◆ **What you need to do**
The whole set of entries is to be restated word for word.

--- Data provided Enclosed Below ---

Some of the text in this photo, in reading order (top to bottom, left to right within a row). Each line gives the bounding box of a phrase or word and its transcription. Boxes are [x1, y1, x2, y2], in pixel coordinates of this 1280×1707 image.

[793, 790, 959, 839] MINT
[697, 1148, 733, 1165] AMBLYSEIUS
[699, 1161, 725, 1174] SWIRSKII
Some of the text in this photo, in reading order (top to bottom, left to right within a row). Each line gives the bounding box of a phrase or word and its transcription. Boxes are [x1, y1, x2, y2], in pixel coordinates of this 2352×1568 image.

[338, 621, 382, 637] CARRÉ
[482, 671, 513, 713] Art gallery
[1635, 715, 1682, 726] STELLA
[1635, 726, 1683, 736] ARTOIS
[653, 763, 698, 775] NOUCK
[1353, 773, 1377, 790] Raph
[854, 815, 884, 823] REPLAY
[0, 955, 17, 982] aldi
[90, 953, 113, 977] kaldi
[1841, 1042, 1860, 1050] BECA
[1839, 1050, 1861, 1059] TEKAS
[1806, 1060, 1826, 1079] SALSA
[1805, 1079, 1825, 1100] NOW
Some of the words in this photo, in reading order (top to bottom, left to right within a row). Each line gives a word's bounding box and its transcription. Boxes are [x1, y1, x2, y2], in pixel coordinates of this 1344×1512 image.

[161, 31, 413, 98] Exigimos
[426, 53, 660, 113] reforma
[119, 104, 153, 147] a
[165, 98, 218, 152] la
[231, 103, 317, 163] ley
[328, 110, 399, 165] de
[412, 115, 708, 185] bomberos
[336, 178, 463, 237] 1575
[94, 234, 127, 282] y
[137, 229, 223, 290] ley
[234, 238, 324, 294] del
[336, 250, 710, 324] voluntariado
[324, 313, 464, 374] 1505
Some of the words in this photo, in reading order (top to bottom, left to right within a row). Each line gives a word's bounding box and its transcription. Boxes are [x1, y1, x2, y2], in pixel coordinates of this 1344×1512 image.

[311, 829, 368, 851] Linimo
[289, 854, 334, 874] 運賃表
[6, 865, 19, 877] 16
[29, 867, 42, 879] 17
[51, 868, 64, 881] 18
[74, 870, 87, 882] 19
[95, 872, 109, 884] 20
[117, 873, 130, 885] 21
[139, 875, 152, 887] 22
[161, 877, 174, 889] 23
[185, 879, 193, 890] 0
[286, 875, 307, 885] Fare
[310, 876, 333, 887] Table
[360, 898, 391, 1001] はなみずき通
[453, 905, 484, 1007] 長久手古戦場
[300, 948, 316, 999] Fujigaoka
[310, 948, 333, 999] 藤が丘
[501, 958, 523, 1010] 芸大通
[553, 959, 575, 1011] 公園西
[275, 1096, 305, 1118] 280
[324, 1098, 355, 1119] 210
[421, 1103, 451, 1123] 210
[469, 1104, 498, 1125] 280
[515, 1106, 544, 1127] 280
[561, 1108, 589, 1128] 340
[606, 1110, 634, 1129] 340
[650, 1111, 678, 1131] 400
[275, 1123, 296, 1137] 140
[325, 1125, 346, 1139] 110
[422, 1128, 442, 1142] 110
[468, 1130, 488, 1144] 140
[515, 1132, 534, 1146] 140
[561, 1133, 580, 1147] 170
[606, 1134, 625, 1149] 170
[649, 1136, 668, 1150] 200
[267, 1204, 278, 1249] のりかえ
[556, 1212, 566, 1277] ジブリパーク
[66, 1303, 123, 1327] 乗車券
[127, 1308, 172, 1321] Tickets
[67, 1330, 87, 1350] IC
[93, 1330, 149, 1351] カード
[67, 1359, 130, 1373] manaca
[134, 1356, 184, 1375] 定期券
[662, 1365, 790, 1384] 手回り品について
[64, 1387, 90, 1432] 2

--- End of Enclosed Data provided ---

◆ **Result for this exercise**
Some of the text in this photo, in reading order (top to bottom, left to right within a row). Each line gives the bounding box of a phrase or word and its transcription. Boxes are [x1, y1, x2, y2], in pixel coordinates of this 1280×1707 image.

[793, 790, 959, 839] MINT
[697, 1148, 733, 1165] AMBLYSEIUS
[699, 1161, 725, 1174] SWIRSKII
Some of the text in this photo, in reading order (top to bottom, left to right within a row). Each line gives the bounding box of a phrase or word and its transcription. Boxes are [x1, y1, x2, y2], in pixel coordinates of this 2352×1568 image.

[338, 621, 382, 637] CARRÉ
[482, 671, 513, 713] Art gallery
[1635, 715, 1682, 726] STELLA
[1635, 726, 1683, 736] ARTOIS
[653, 763, 698, 775] NOUCK
[1353, 773, 1377, 790] Raph
[854, 815, 884, 823] REPLAY
[0, 955, 17, 982] aldi
[90, 953, 113, 977] kaldi
[1841, 1042, 1860, 1050] BECA
[1839, 1050, 1861, 1059] TEKAS
[1806, 1060, 1826, 1079] SALSA
[1805, 1079, 1825, 1100] NOW
Some of the words in this photo, in reading order (top to bottom, left to right within a row). Each line gives a word's bounding box and its transcription. Boxes are [x1, y1, x2, y2], in pixel coordinates of this 1344×1512 image.

[161, 31, 413, 98] Exigimos
[426, 53, 660, 113] reforma
[119, 104, 153, 147] a
[165, 98, 218, 152] la
[231, 103, 317, 163] ley
[328, 110, 399, 165] de
[412, 115, 708, 185] bomberos
[336, 178, 463, 237] 1575
[94, 234, 127, 282] y
[137, 229, 223, 290] ley
[234, 238, 324, 294] del
[336, 250, 710, 324] voluntariado
[324, 313, 464, 374] 1505
Some of the words in this photo, in reading order (top to bottom, left to right within a row). Each line gives a word's bounding box and its transcription. Boxes are [x1, y1, x2, y2], in pixel coordinates of this 1344×1512 image.

[311, 829, 368, 851] Linimo
[289, 854, 334, 874] 運賃表
[6, 865, 19, 877] 16
[29, 867, 42, 879] 17
[51, 868, 64, 881] 18
[74, 870, 87, 882] 19
[95, 872, 109, 884] 20
[117, 873, 130, 885] 21
[139, 875, 152, 887] 22
[161, 877, 174, 889] 23
[185, 879, 193, 890] 0
[286, 875, 307, 885] Fare
[310, 876, 333, 887] Table
[360, 898, 391, 1001] はなみずき通
[453, 905, 484, 1007] 長久手古戦場
[300, 948, 316, 999] Fujigaoka
[310, 948, 333, 999] 藤が丘
[501, 958, 523, 1010] 芸大通
[553, 959, 575, 1011] 公園西
[275, 1096, 305, 1118] 280
[324, 1098, 355, 1119] 210
[421, 1103, 451, 1123] 210
[469, 1104, 498, 1125] 280
[515, 1106, 544, 1127] 280
[561, 1108, 589, 1128] 340
[606, 1110, 634, 1129] 340
[650, 1111, 678, 1131] 400
[275, 1123, 296, 1137] 140
[325, 1125, 346, 1139] 110
[422, 1128, 442, 1142] 110
[468, 1130, 488, 1144] 140
[515, 1132, 534, 1146] 140
[561, 1133, 580, 1147] 170
[606, 1134, 625, 1149] 170
[649, 1136, 668, 1150] 200
[267, 1204, 278, 1249] のりかえ
[556, 1212, 566, 1277] ジブリパーク
[66, 1303, 123, 1327] 乗車券
[127, 1308, 172, 1321] Tickets
[67, 1330, 87, 1350] IC
[93, 1330, 149, 1351] カード
[67, 1359, 130, 1373] manaca
[134, 1356, 184, 1375] 定期券
[662, 1365, 790, 1384] 手回り品について
[64, 1387, 90, 1432] 2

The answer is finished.